Dataset entries:
>>>
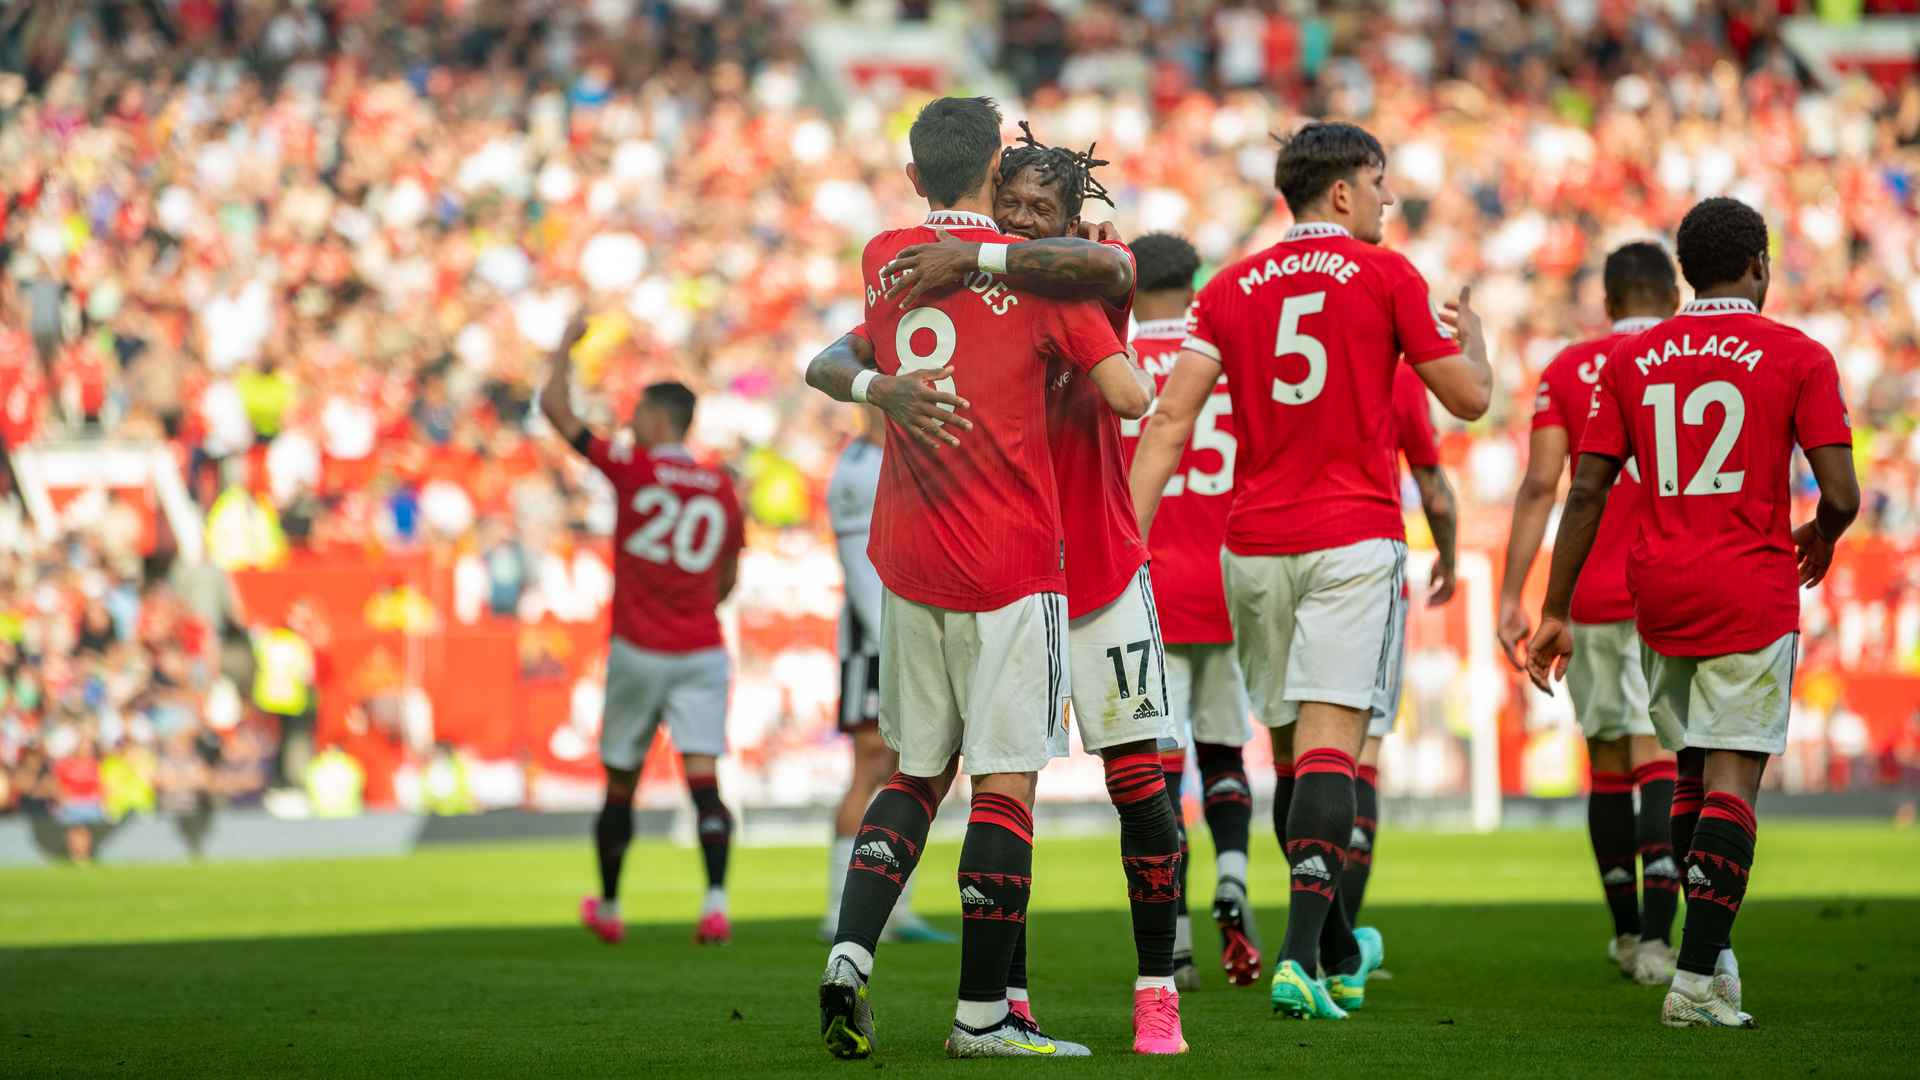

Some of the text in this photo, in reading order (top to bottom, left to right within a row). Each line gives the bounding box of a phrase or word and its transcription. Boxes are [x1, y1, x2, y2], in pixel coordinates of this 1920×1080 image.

[866, 259, 1018, 316] B.FDES
[1237, 251, 1361, 296] MAGUIRE
[1271, 290, 1328, 406] 5
[1634, 334, 1764, 376] MALACIA
[1642, 380, 1745, 497] 12
[624, 485, 727, 573] 20
[1106, 639, 1151, 699] 17
[1133, 710, 1160, 720] adidas
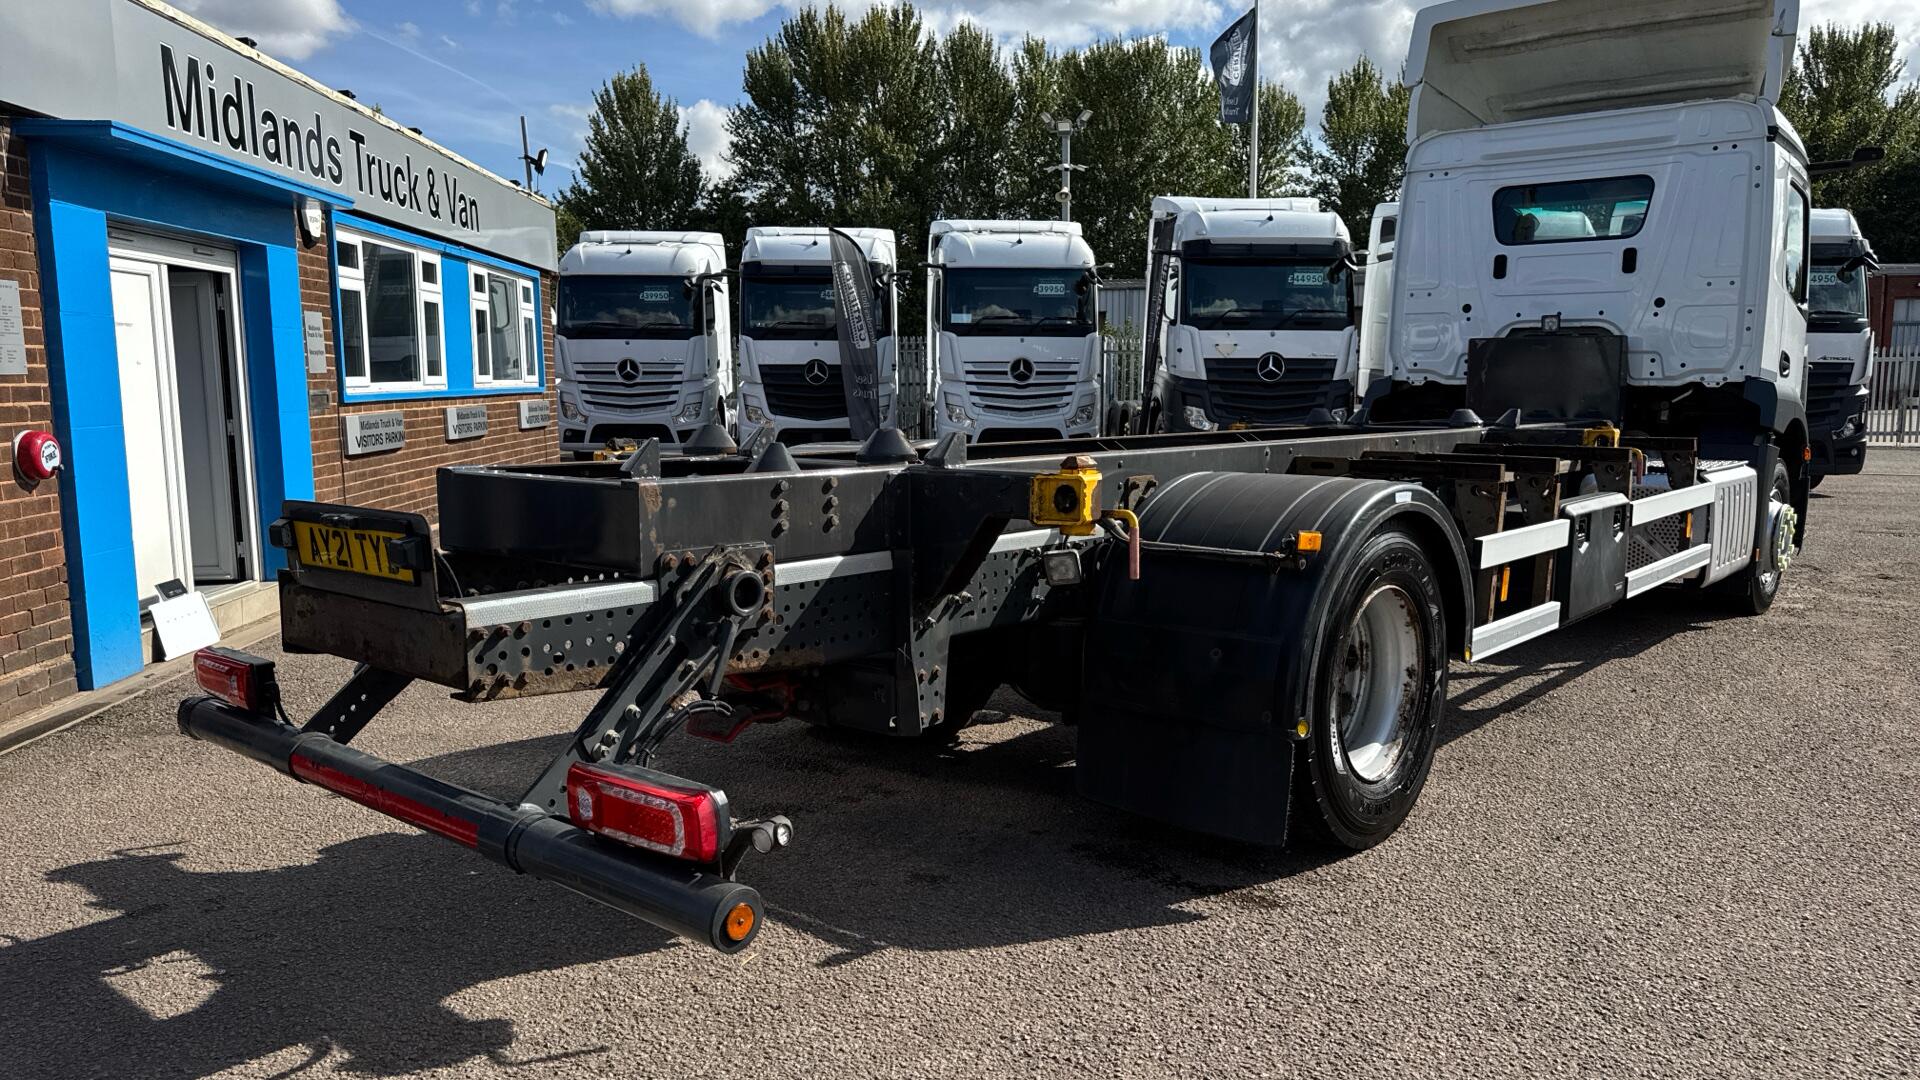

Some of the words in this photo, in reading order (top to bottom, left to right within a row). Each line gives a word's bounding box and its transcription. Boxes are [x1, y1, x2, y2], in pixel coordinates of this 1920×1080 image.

[160, 41, 343, 186] Midlands
[349, 128, 423, 214] Truck
[427, 165, 442, 221] &
[443, 171, 480, 234] Van
[1811, 274, 1835, 283] 4950
[360, 420, 379, 430] Midlands
[355, 432, 384, 448] VISITORS
[309, 526, 354, 568] AY21
<<<
EXERCISE DIRECTIONS
Reproduce the data exactly, please, and omit its pictures.

RESPONSE BELOW
Some of the text in this photo, in reading order (top to bottom, left to right within a row). Each line gives the bounding box of a phrase or word and its transcription. Boxes are [x1, y1, x2, y2], in pixel coordinates of this 1920×1080 image.

[866, 259, 1018, 316] B.FDES
[1237, 251, 1361, 296] MAGUIRE
[1271, 290, 1328, 406] 5
[1634, 334, 1764, 376] MALACIA
[1642, 380, 1745, 497] 12
[624, 485, 727, 573] 20
[1106, 639, 1151, 699] 17
[1133, 710, 1160, 720] adidas

Some of the words in this photo, in reading order (top to bottom, left to right within a row). Each line gives a word's bounding box and its transcription. Boxes are [x1, y1, x2, y2], in pixel coordinates of this 1920×1080 image.

[160, 41, 343, 186] Midlands
[349, 128, 423, 214] Truck
[427, 165, 442, 221] &
[443, 171, 480, 234] Van
[1811, 274, 1835, 283] 4950
[360, 420, 379, 430] Midlands
[355, 432, 384, 448] VISITORS
[309, 526, 354, 568] AY21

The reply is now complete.